§ **Task description**:
Omit the images. Reproduce each line of the records exactly as it appears.

§ **Task inputs**:

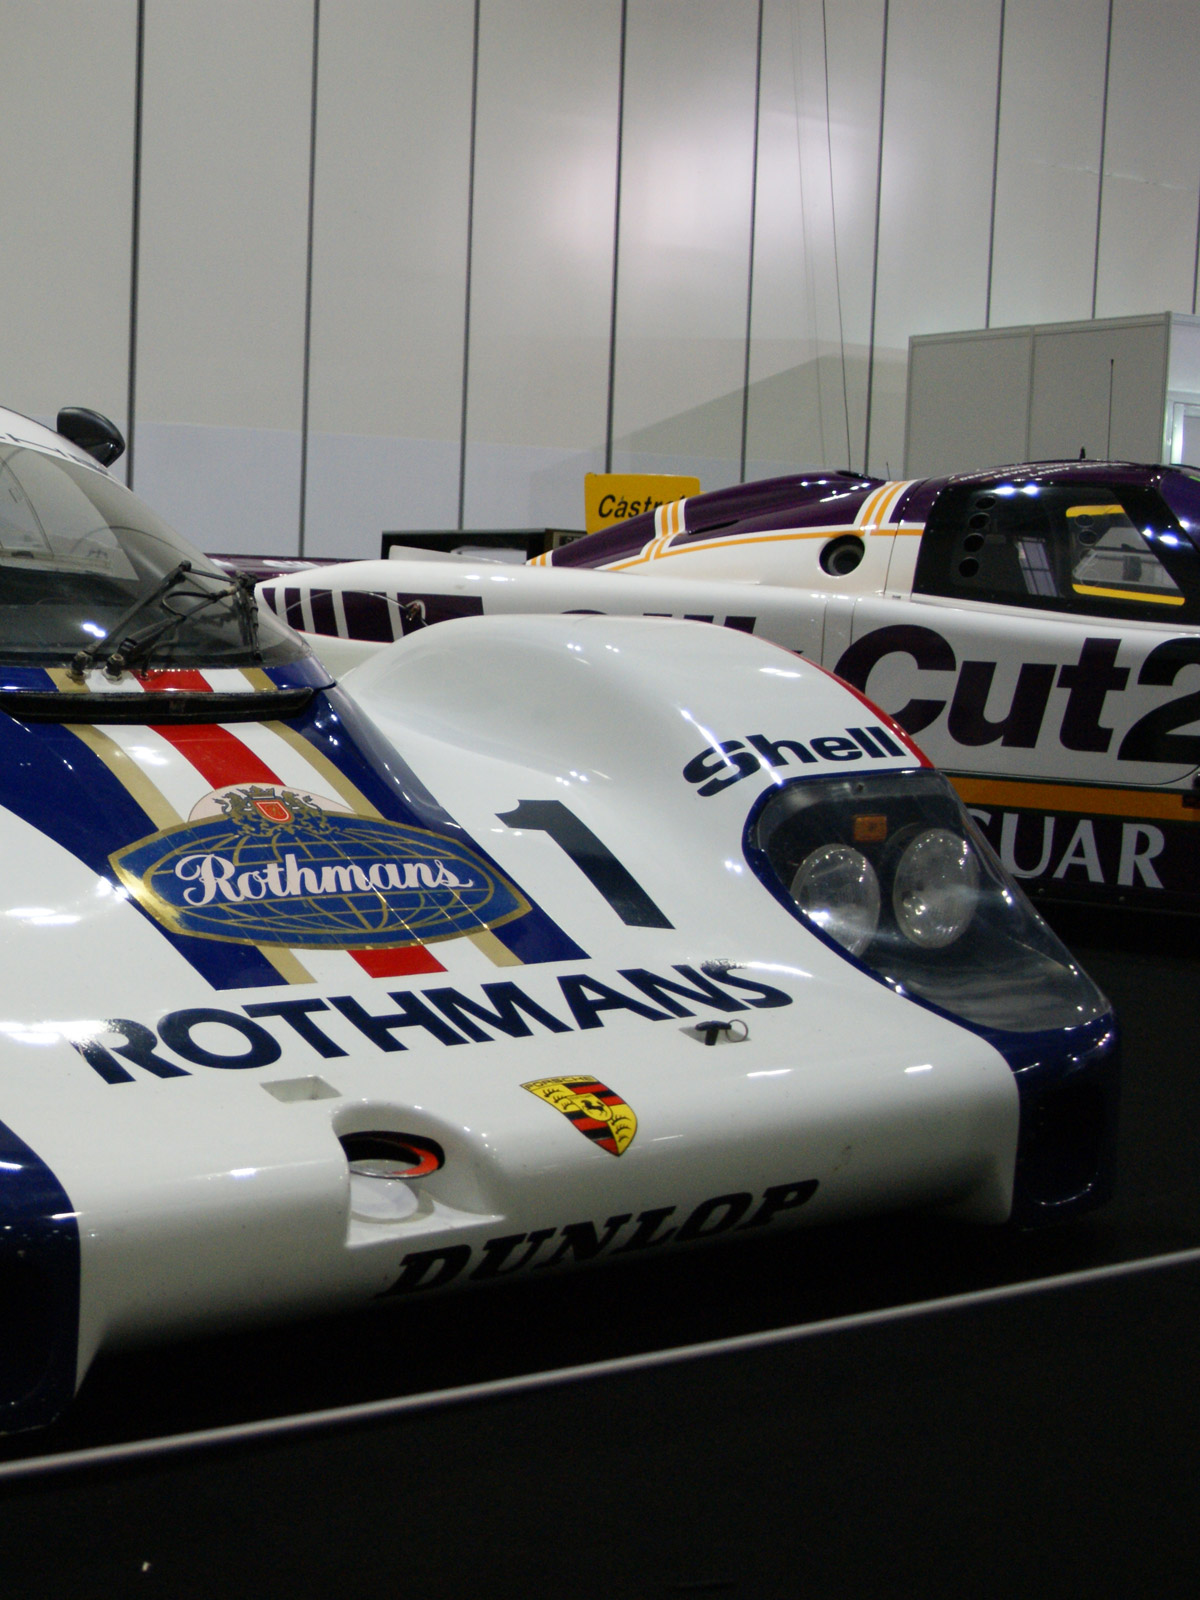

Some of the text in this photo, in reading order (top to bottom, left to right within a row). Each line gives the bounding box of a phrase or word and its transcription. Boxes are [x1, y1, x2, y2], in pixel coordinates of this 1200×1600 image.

[683, 726, 906, 797] Shell
[174, 853, 473, 907] Rothmans
[494, 799, 676, 929] 1
[963, 808, 1166, 890] UAR
[66, 958, 794, 1085] ROTHMANS
[374, 1179, 820, 1299] DUNLOP
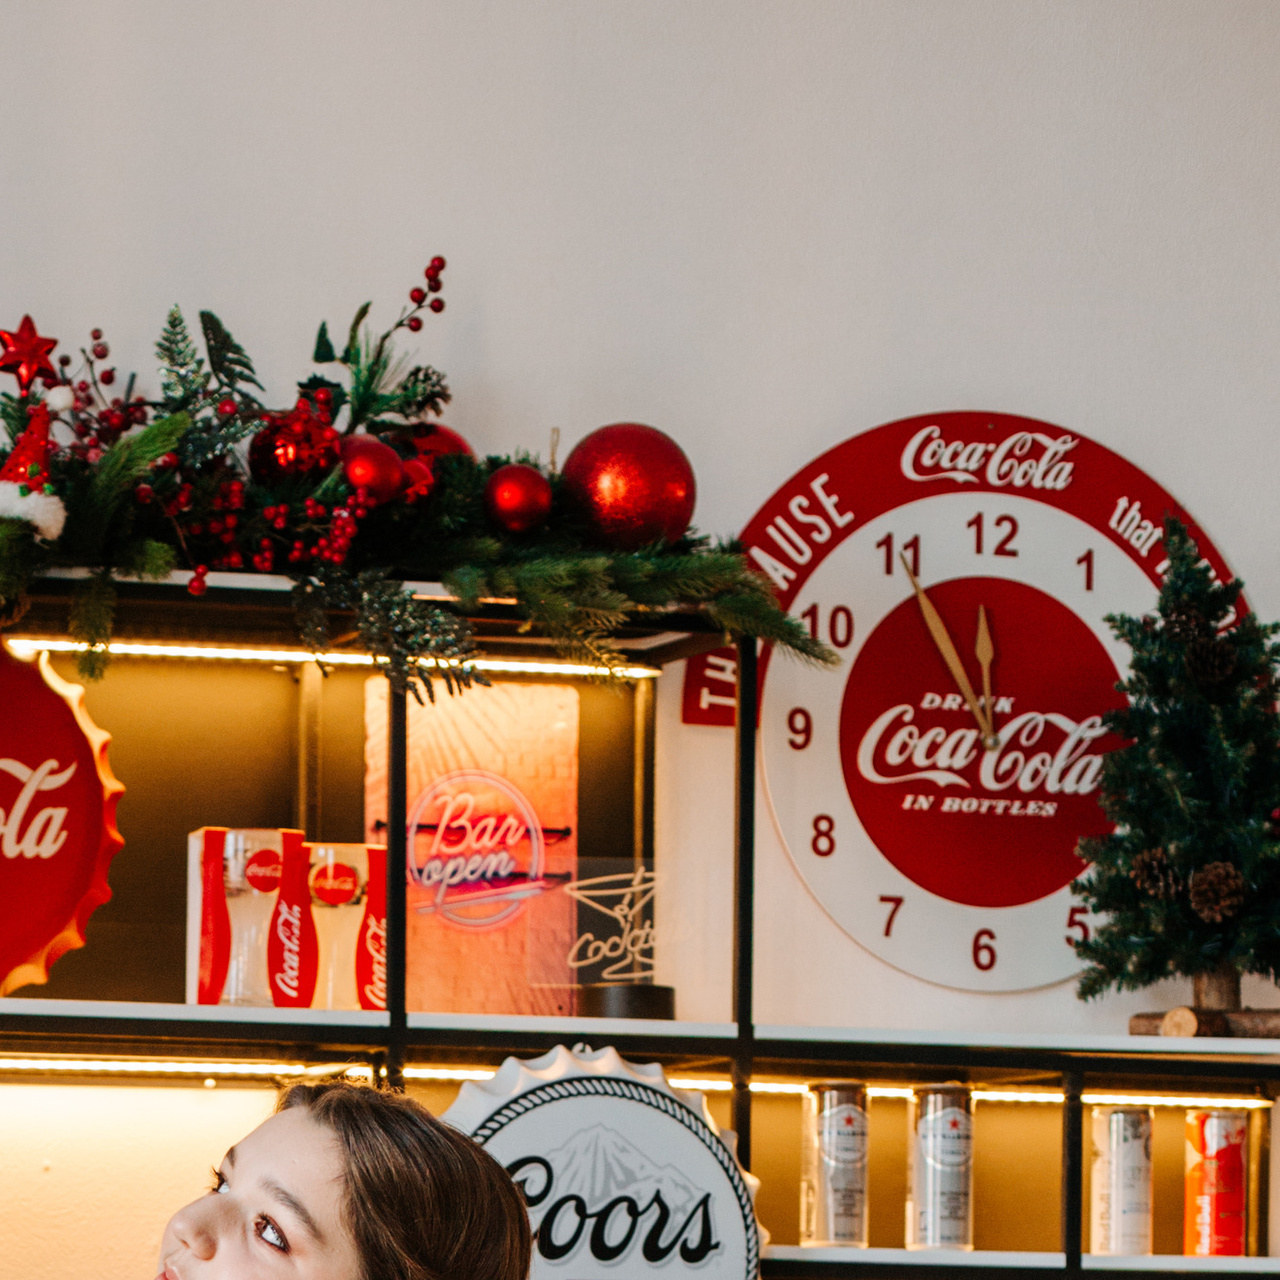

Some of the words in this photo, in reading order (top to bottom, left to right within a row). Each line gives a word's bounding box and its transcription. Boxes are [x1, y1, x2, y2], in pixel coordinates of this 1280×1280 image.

[901, 425, 1080, 491] Coca-Cola
[966, 512, 1020, 557] 12
[1108, 496, 1164, 558] that
[876, 532, 921, 577] 11
[1076, 548, 1096, 592] 1
[700, 654, 738, 710] TH
[749, 472, 855, 592] AUSE
[801, 603, 854, 648] 10
[787, 708, 813, 750] 9
[431, 792, 526, 855] Bar
[902, 795, 935, 812] IN
[941, 796, 1058, 817] BOTTLES
[811, 814, 836, 857] 8
[421, 850, 516, 904] open
[879, 896, 905, 938] 7
[1066, 907, 1090, 948] 5
[971, 929, 997, 972] 6
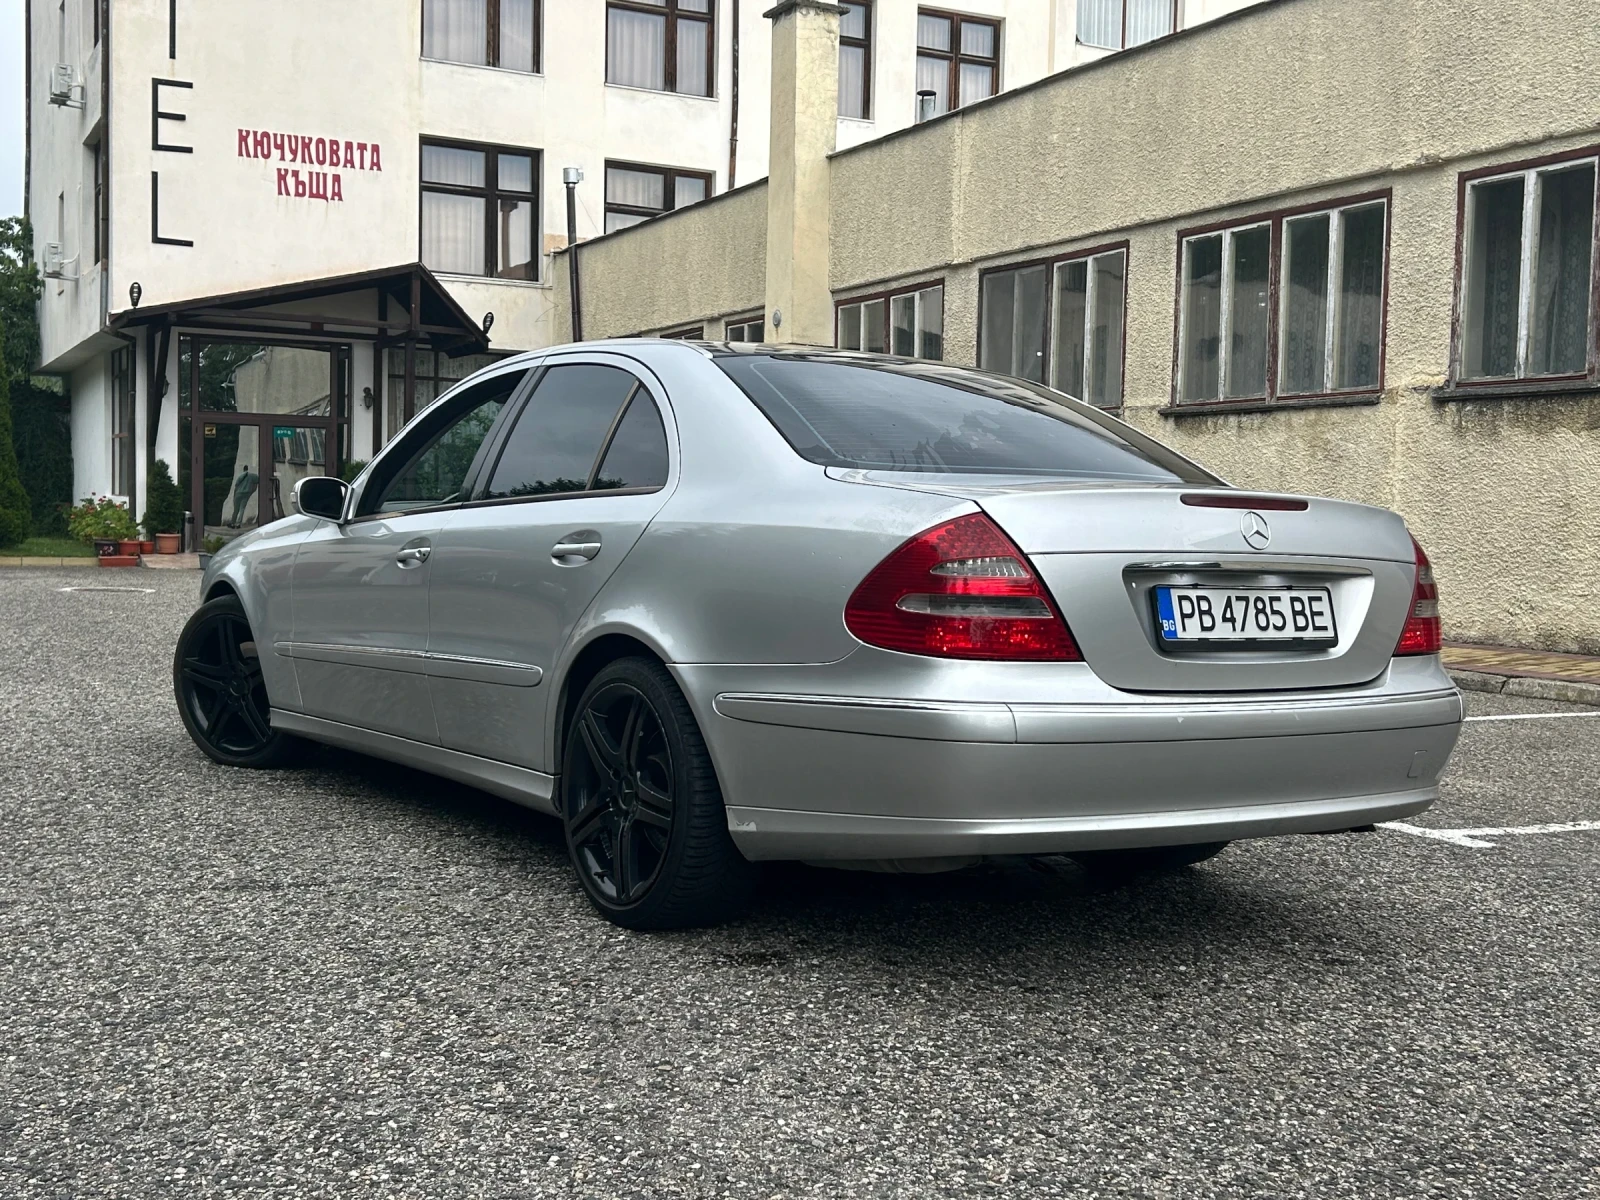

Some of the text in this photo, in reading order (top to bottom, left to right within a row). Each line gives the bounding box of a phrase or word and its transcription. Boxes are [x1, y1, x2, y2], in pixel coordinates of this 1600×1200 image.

[238, 129, 382, 171] КЮЧУКОВАТА
[276, 168, 343, 202] КЪЩА
[1163, 619, 1176, 631] BG
[1177, 595, 1329, 632] PB 4785 BE
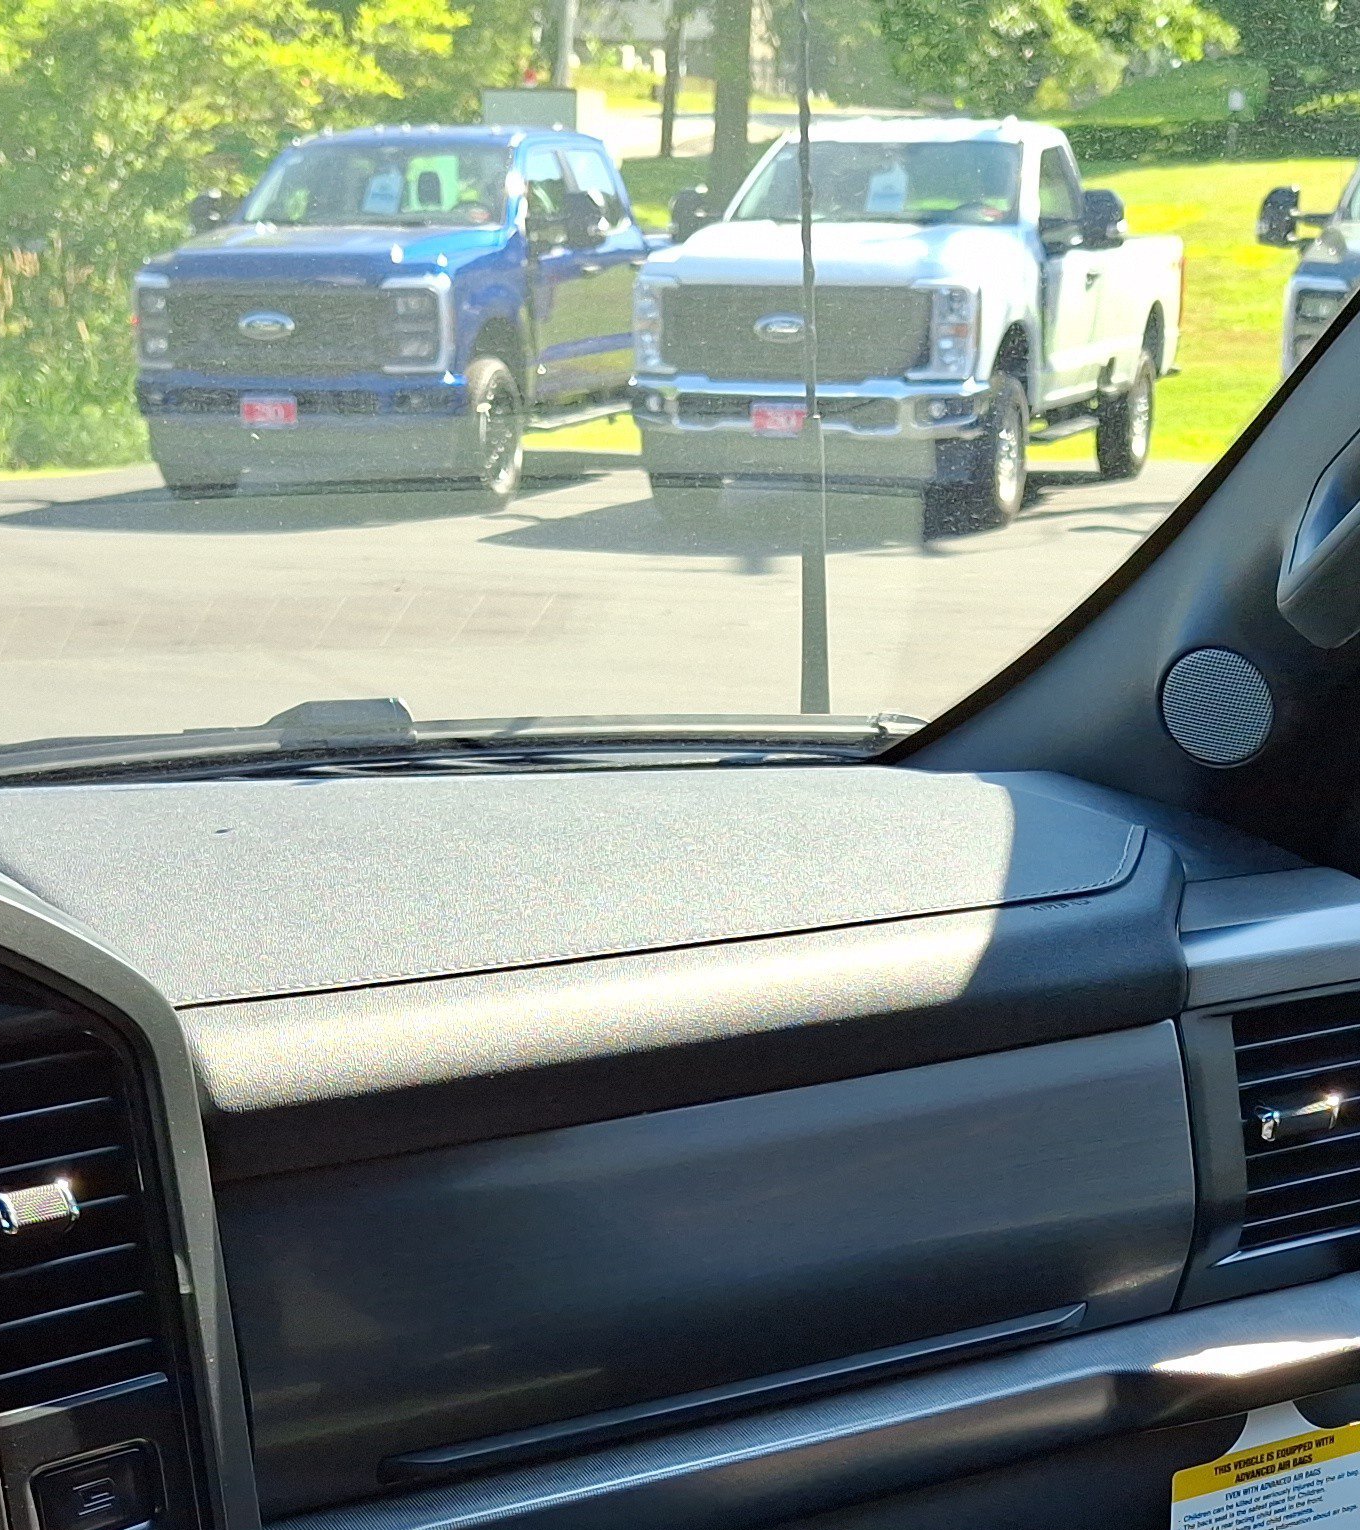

§ **Exercise solution**:
Some of the text in this photo, in reading order (top to bottom, left to right within a row). Each line gives the bounding box of a phrase or word and its transcription. Boxes are [x1, y1, x2, y2], in pixel coordinates of this 1200×1600 image.

[683, 726, 906, 797] Shell
[174, 853, 473, 907] Rothmans
[494, 799, 676, 929] 1
[963, 808, 1166, 890] UAR
[66, 958, 794, 1085] ROTHMANS
[374, 1179, 820, 1299] DUNLOP

Some of the words in this photo, in reading order (top to bottom, left to right within a row). Each line gives a word's bounding box and its transcription. Boxes are [x1, y1, x2, y2], in pixel coordinates of this 1280×1280 image.

[901, 425, 1080, 491] Coca-Cola
[966, 512, 1020, 557] 12
[1108, 496, 1164, 558] that
[876, 532, 921, 577] 11
[1076, 548, 1096, 592] 1
[700, 654, 738, 710] TH
[749, 472, 855, 592] AUSE
[801, 603, 854, 648] 10
[787, 708, 813, 750] 9
[431, 792, 526, 855] Bar
[902, 795, 935, 812] IN
[941, 796, 1058, 817] BOTTLES
[811, 814, 836, 857] 8
[421, 850, 516, 904] open
[879, 896, 905, 938] 7
[1066, 907, 1090, 948] 5
[971, 929, 997, 972] 6

Some of the text in this photo, in reading order (top to bottom, left to right within a row). Each line gives the bounding box of a phrase or word and its transcription. Boxes are [x1, y1, x2, y2], in pixel coordinates of this 1600×1200 image.

[238, 129, 382, 171] КЮЧУКОВАТА
[276, 168, 343, 202] КЪЩА
[1163, 619, 1176, 631] BG
[1177, 595, 1329, 632] PB 4785 BE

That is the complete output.